Judgement and Decision-Making: A Global Perspective Part 2

How do we take decisions on a daily basis? Are they as rational, as we like to see ourselves deciding over things? No, we’re not, but that’s usually not a problem. Taking all possible decision-making factors into account for every decision we take - and we take many everyday - would be super exhausting. We therefore developed short cuts for decision-making, which we all know as stereotypes, learned generalizations or heuristics.

Behavioral economist Daniel Kahneman defined the fast irrational decision-making as system 1 and the slow, rational decision-making as system 2.

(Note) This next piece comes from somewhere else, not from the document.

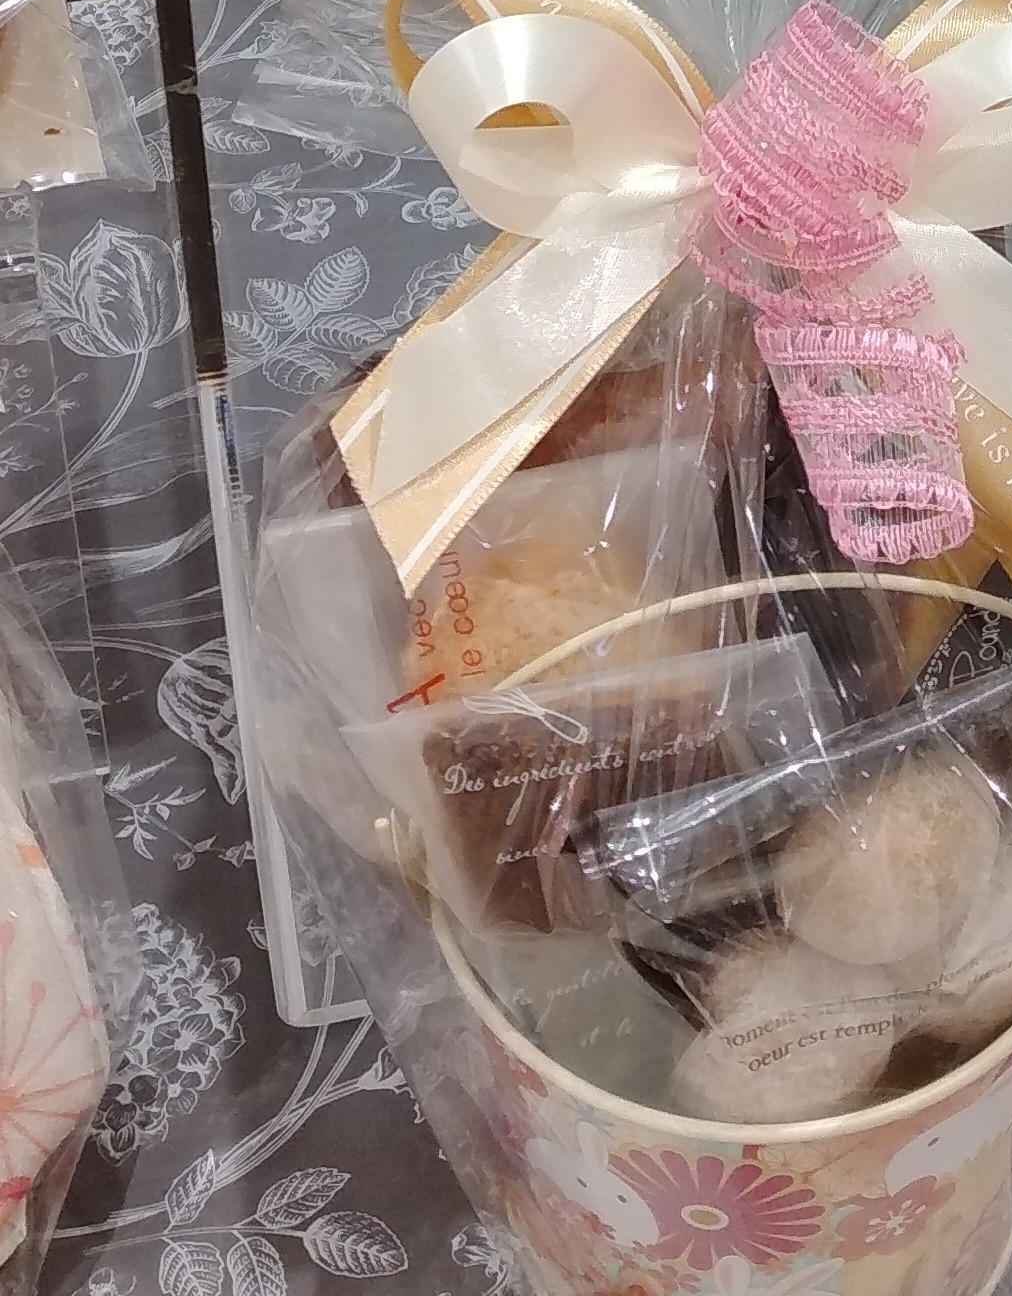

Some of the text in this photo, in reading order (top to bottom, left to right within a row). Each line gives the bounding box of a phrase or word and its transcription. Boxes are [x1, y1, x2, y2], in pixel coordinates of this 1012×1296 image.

[979, 425, 1011, 466] is
[459, 648, 488, 679] le
[797, 1027, 829, 1049] est

He used system 1 and system 2 thinking as metaphors for human decision-making processes. With the theoretical framework of system 1 and 2 many human behaviors can be explained.

In the majority of our decisions, we use system 1, we take unconscious decisions, impulsive decisions, and actions, later on we try to explain them by rationalizing our decision-making process, pretending we have taken all aspects into consideration, when in reality we didn’t.

Taking unconscious decisions isn’t more common in layman than in professionals, rather vice versa. Through repetition of tasks, professionals automatize thought processes and perform tasks faster and with less cognitive capacity necessary. This leaves room for additional judgment and decision-making, with might be lifesaving in certain medical situations, traffic or nautical maneuvering.

Both system 1 and 2 have their legitimate place and advantages and disadvantages. Being aware of the different thought processes is what matters, in reducing prejudice, stereotyping, and biased judgement and decision-making.